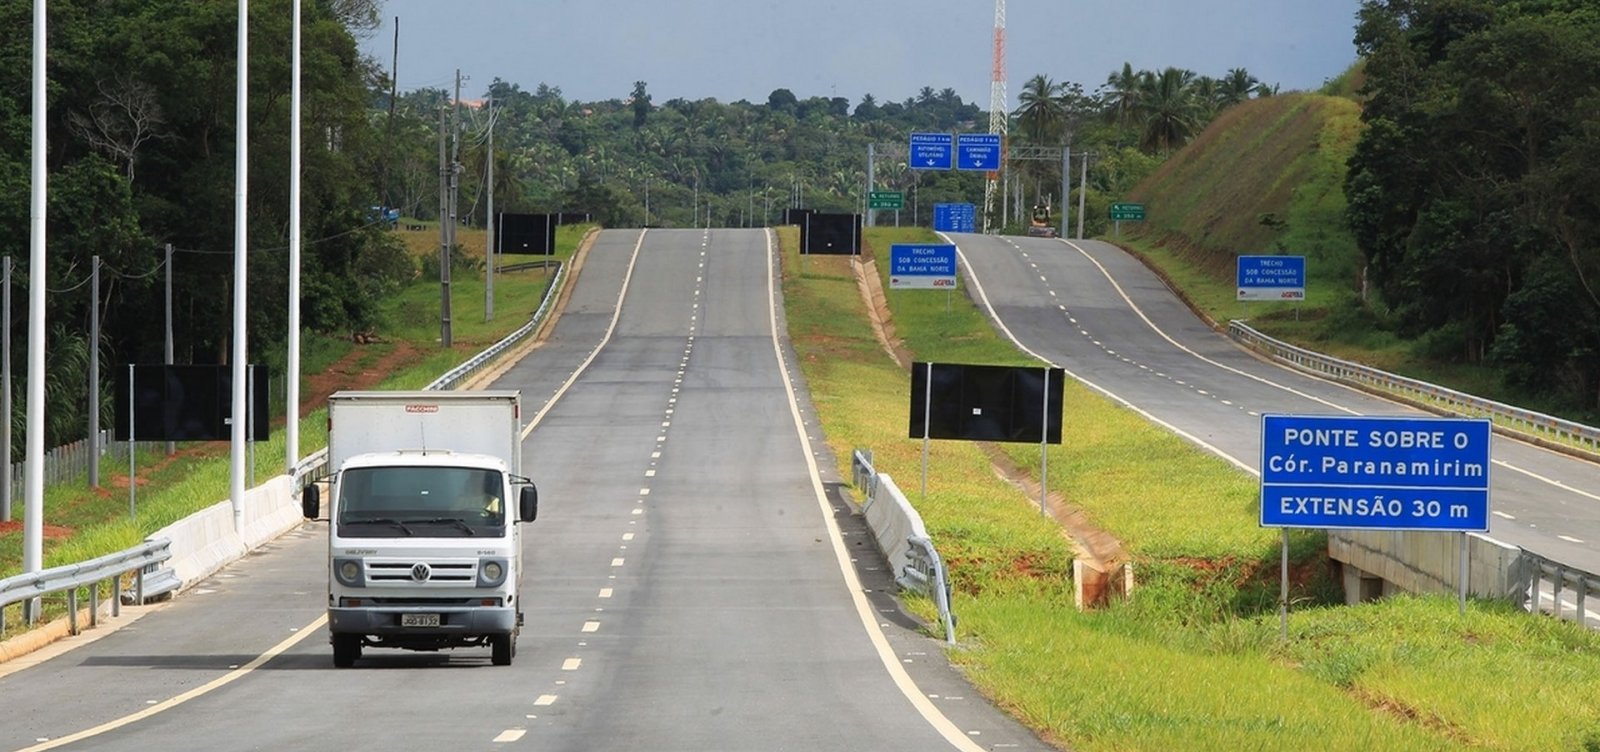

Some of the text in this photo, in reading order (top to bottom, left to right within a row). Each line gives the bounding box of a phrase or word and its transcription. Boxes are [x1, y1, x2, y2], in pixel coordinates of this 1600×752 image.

[1284, 428, 1468, 449] PONTE SOBRE O
[1269, 454, 1482, 477] Cór. Paranamirim
[1281, 496, 1468, 518] EXTENSÃO 30 m
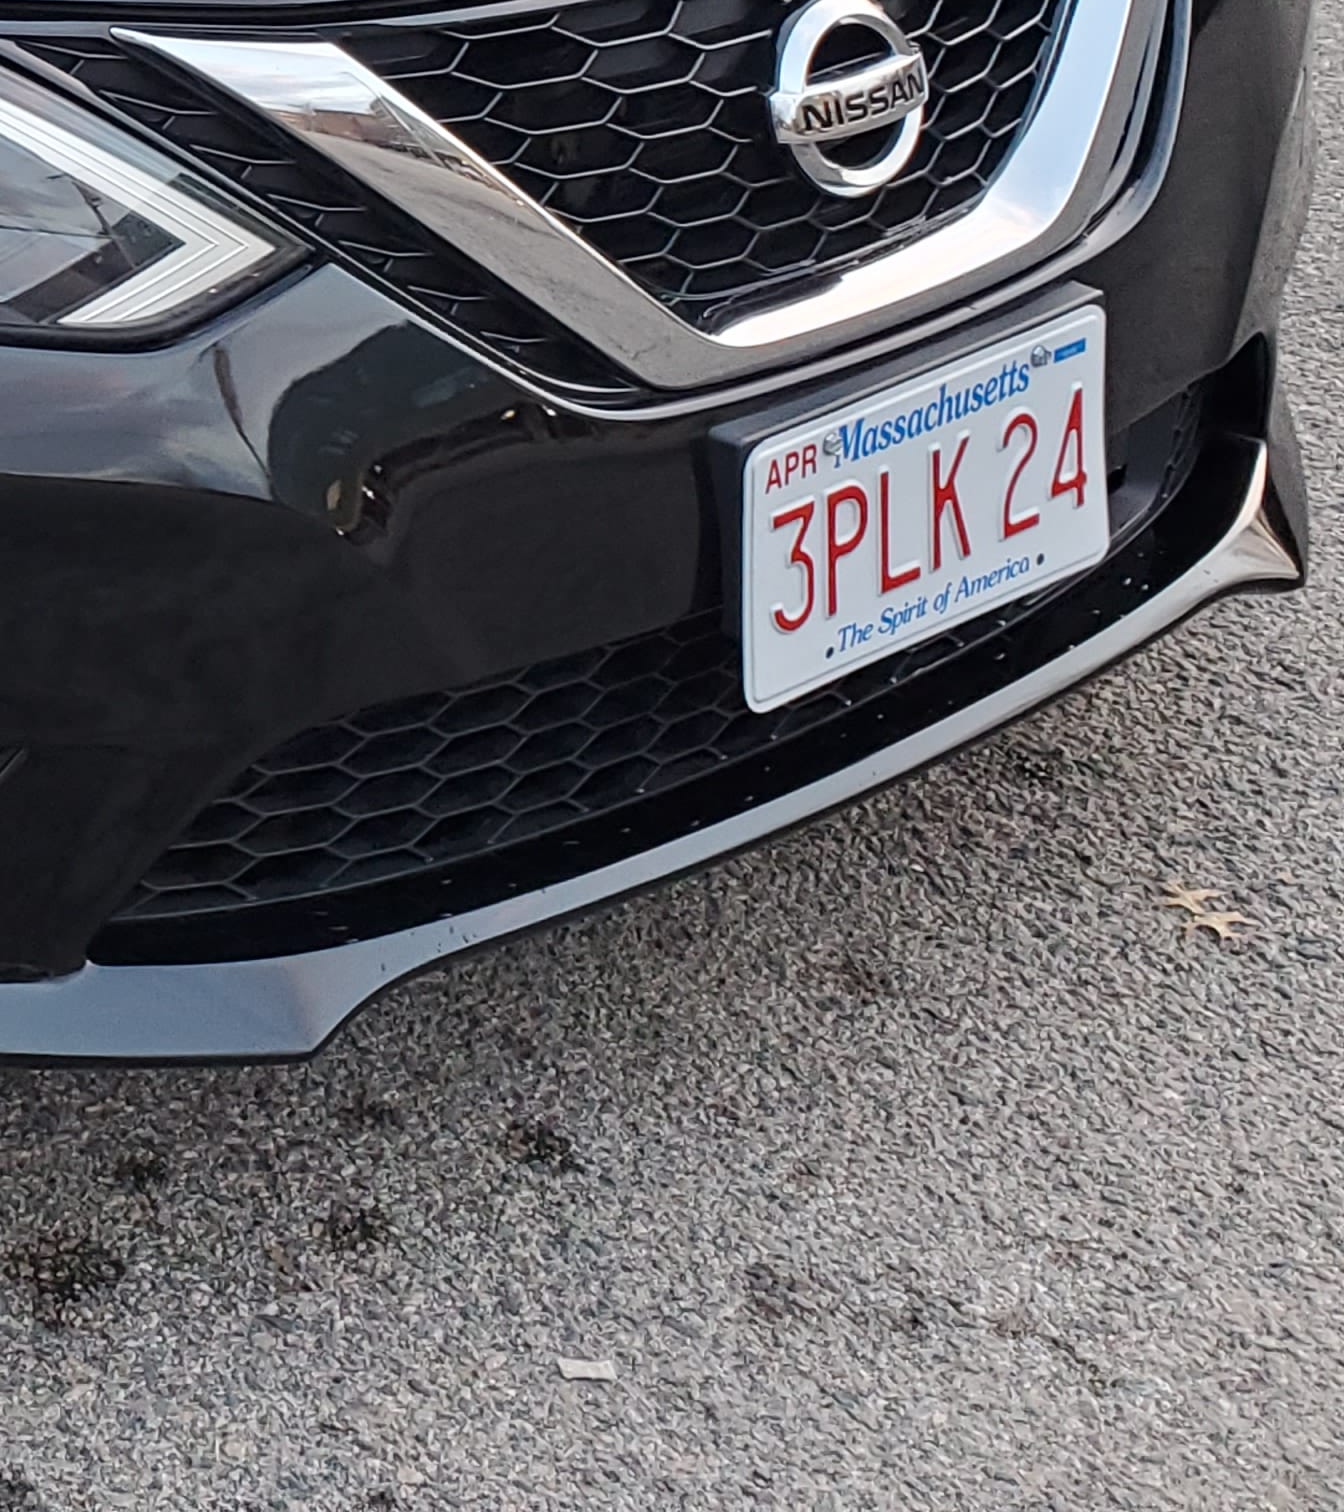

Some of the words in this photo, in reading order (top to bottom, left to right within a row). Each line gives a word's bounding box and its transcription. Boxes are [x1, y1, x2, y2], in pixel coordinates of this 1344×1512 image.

[802, 64, 925, 132] NISSAN
[833, 360, 1031, 469] Massachusetts
[765, 443, 818, 495] APR
[771, 436, 972, 633] 3PLK
[1002, 388, 1088, 540] 24
[837, 622, 874, 653] The
[877, 597, 928, 635] Spirit
[933, 581, 953, 615] of
[954, 556, 1030, 603] America
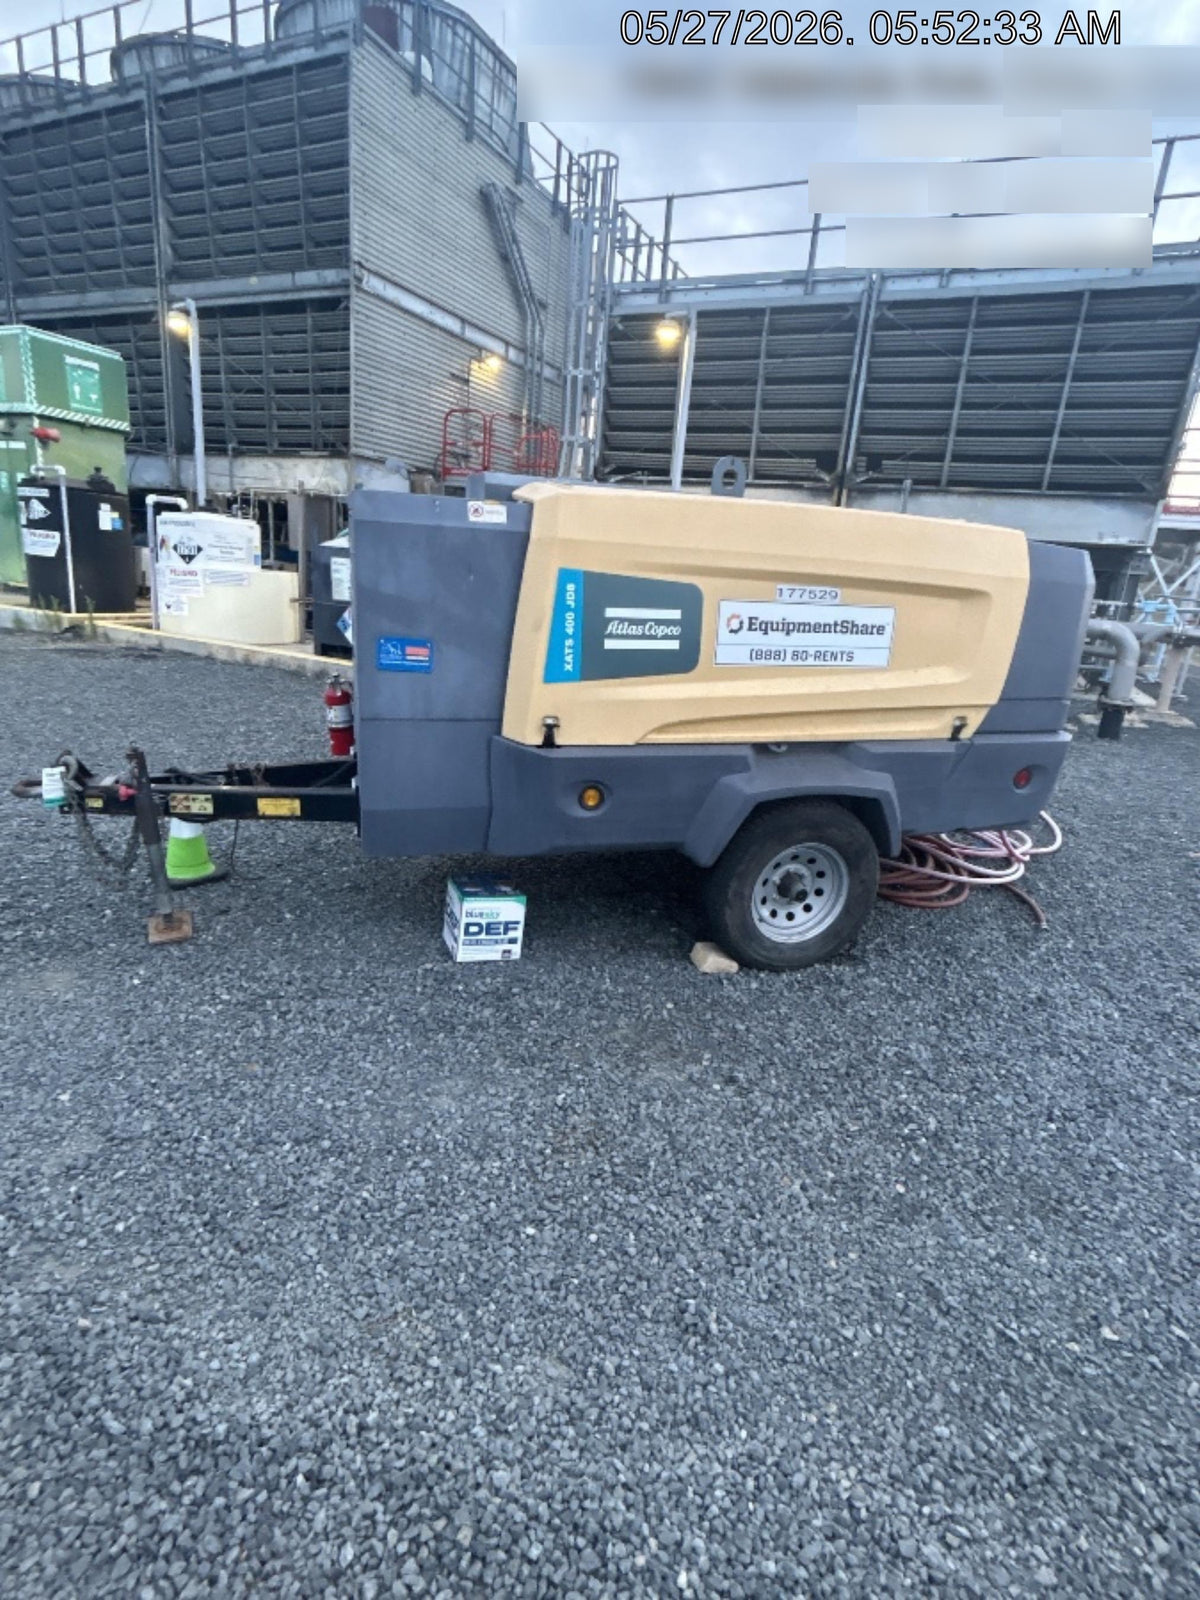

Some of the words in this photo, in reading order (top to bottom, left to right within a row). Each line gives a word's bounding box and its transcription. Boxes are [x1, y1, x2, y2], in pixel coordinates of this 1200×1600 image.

PROBLEM REQUIREMENTS:
What is wanted is a word-for-word restatement of the entries, without their images.

RESPONSE FOR THIS EXERCISE:
Some of the text in this photo, in reading order (top to bottom, left to right within a row). Each line gives the bounding box of a phrase or word and its transcription. Boxes are [x1, y1, x2, y2], in pixel coordinates of this 1600×752 image.

[1284, 428, 1468, 449] PONTE SOBRE O
[1269, 454, 1482, 477] Cór. Paranamirim
[1281, 496, 1468, 518] EXTENSÃO 30 m

Some of the words in this photo, in reading order (top to bottom, left to right within a row). Each line gives a word's bounding box and its transcription. Boxes are [x1, y1, x2, y2], in pixel coordinates of this 1344×1512 image.

[802, 64, 925, 132] NISSAN
[833, 360, 1031, 469] Massachusetts
[765, 443, 818, 495] APR
[771, 436, 972, 633] 3PLK
[1002, 388, 1088, 540] 24
[837, 622, 874, 653] The
[877, 597, 928, 635] Spirit
[933, 581, 953, 615] of
[954, 556, 1030, 603] America

Some of the words in this photo, in reading order (top to bottom, left to right within a row). Each line gives a word's bounding box and its transcription. Boxes are [x1, y1, x2, y2], in pixel coordinates of this 1200×1600 image.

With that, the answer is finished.